▸ Task to carry out
The records follow. Copy them exactly, but omit the pictures.

START Dataset content

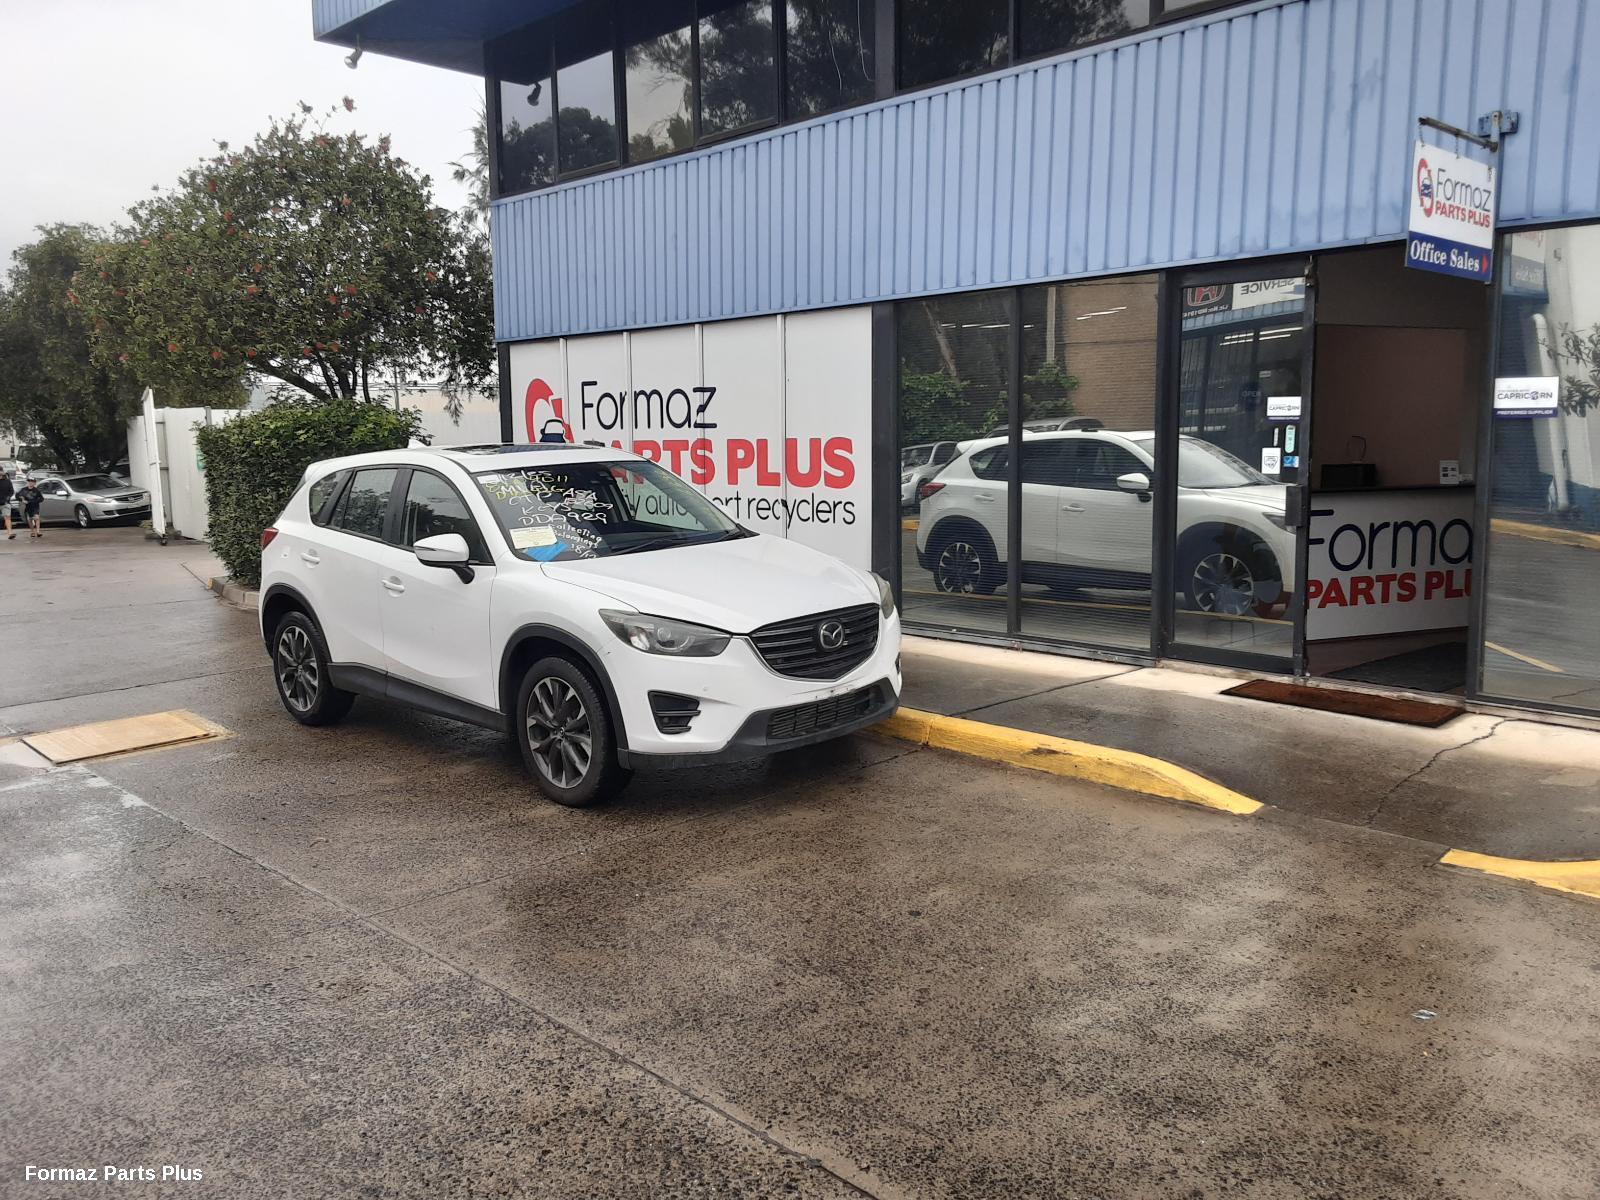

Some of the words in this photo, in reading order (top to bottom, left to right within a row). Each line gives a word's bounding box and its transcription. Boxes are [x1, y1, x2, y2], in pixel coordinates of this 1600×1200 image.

[1435, 168, 1492, 212] Formaz
[1434, 200, 1467, 222] PARTS
[1467, 209, 1491, 228] PLUS
[1410, 240, 1447, 266] Office
[1449, 248, 1480, 272] Sales
[581, 380, 718, 431] Formaz
[610, 438, 716, 485] RTS
[727, 436, 856, 489] PLUS
[747, 492, 856, 530] recyclers
[1306, 572, 1417, 610] PARTS
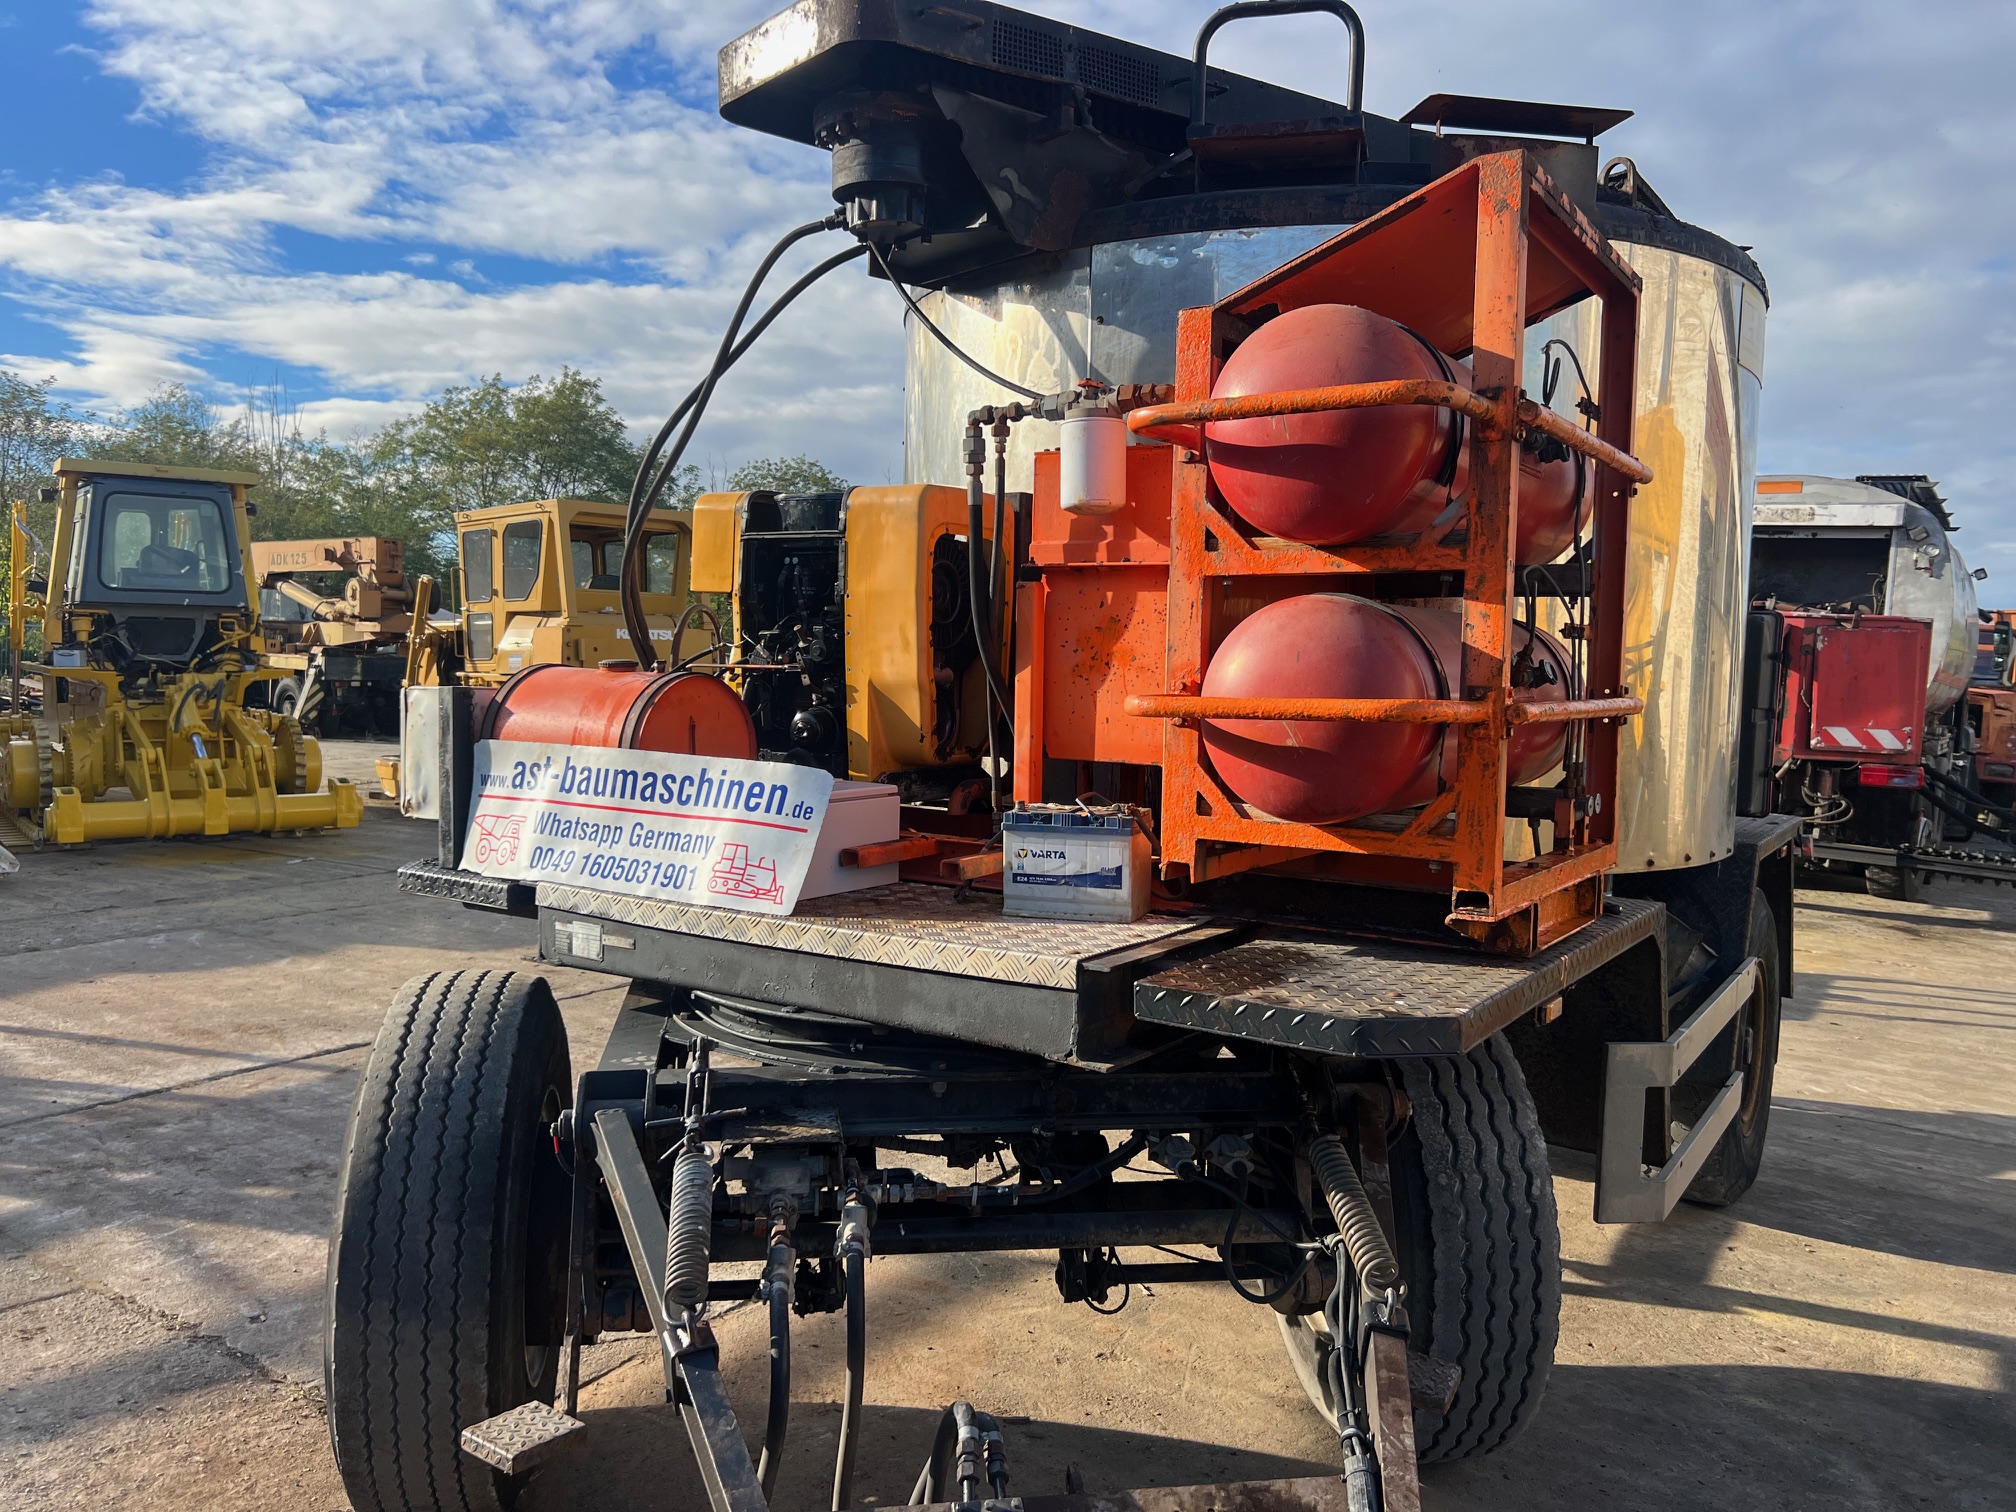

END Dataset content

▸ Result of the task
Some of the words in this photo, in reading order (top to bottom, left to right within a row). Each line gives a word's bounding box and its transcription. Boxes are [x1, y1, x2, y2], in pixel coordinates of this 1600×1200 image.

[1435, 168, 1492, 212] Formaz
[1434, 200, 1467, 222] PARTS
[1467, 209, 1491, 228] PLUS
[1410, 240, 1447, 266] Office
[1449, 248, 1480, 272] Sales
[581, 380, 718, 431] Formaz
[610, 438, 716, 485] RTS
[727, 436, 856, 489] PLUS
[747, 492, 856, 530] recyclers
[1306, 572, 1417, 610] PARTS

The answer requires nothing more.